Leave the pictures out and restate every line below exactly.

================================

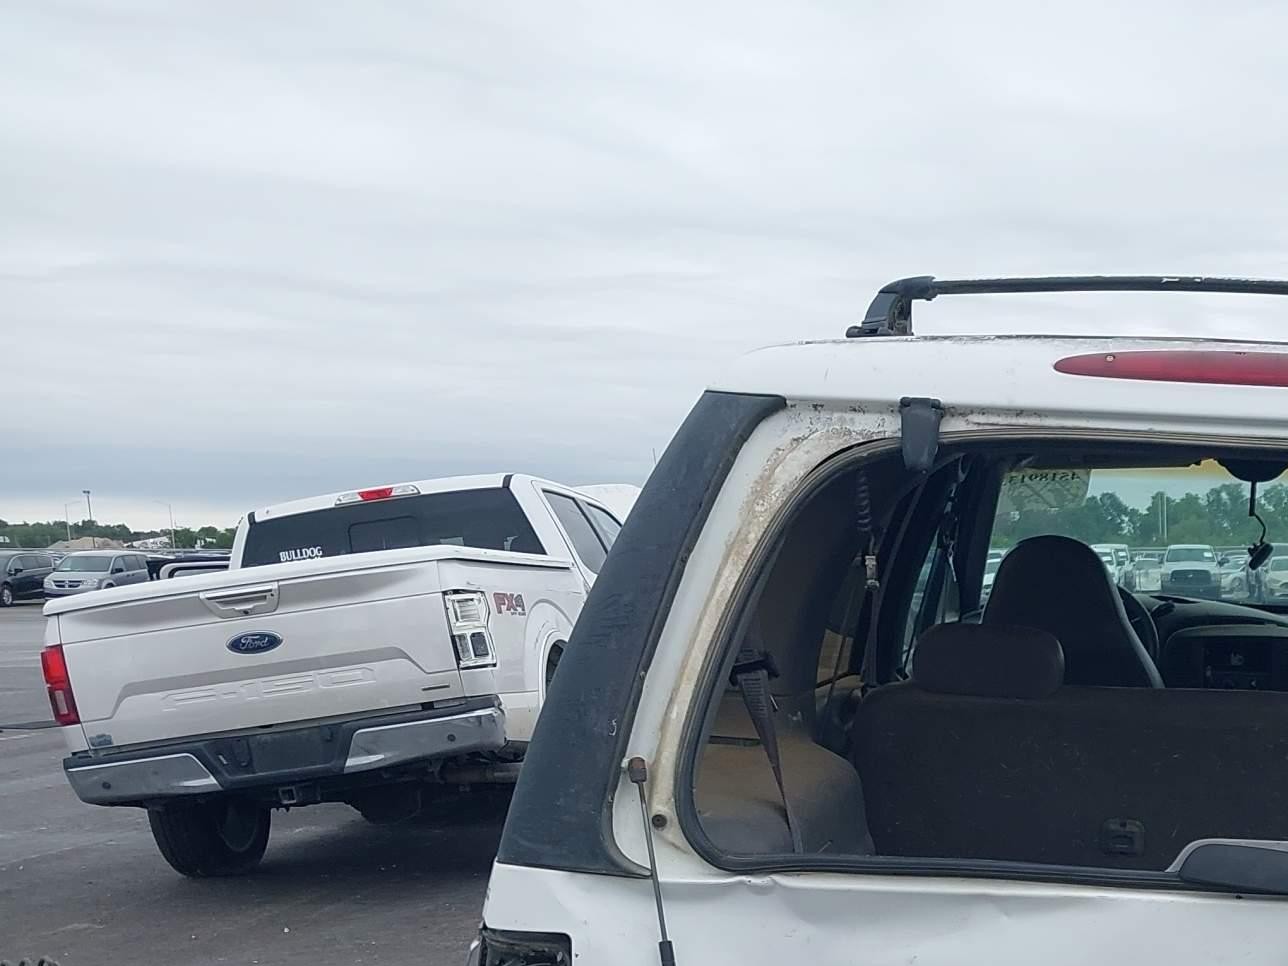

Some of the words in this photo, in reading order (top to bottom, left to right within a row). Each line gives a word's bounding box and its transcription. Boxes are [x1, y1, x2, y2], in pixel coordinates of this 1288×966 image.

[279, 546, 323, 562] BULLDOG
[493, 592, 526, 615] FX4
[240, 635, 270, 650] Ford
[161, 666, 377, 712] F-150

================================

Result:
Some of the words in this photo, in reading order (top to bottom, left to right within a row). Each line gives a word's bounding box and its transcription. Boxes are [x1, y1, x2, y2], in pixel coordinates of this 1288×966 image.

[279, 546, 323, 562] BULLDOG
[493, 592, 526, 615] FX4
[240, 635, 270, 650] Ford
[161, 666, 377, 712] F-150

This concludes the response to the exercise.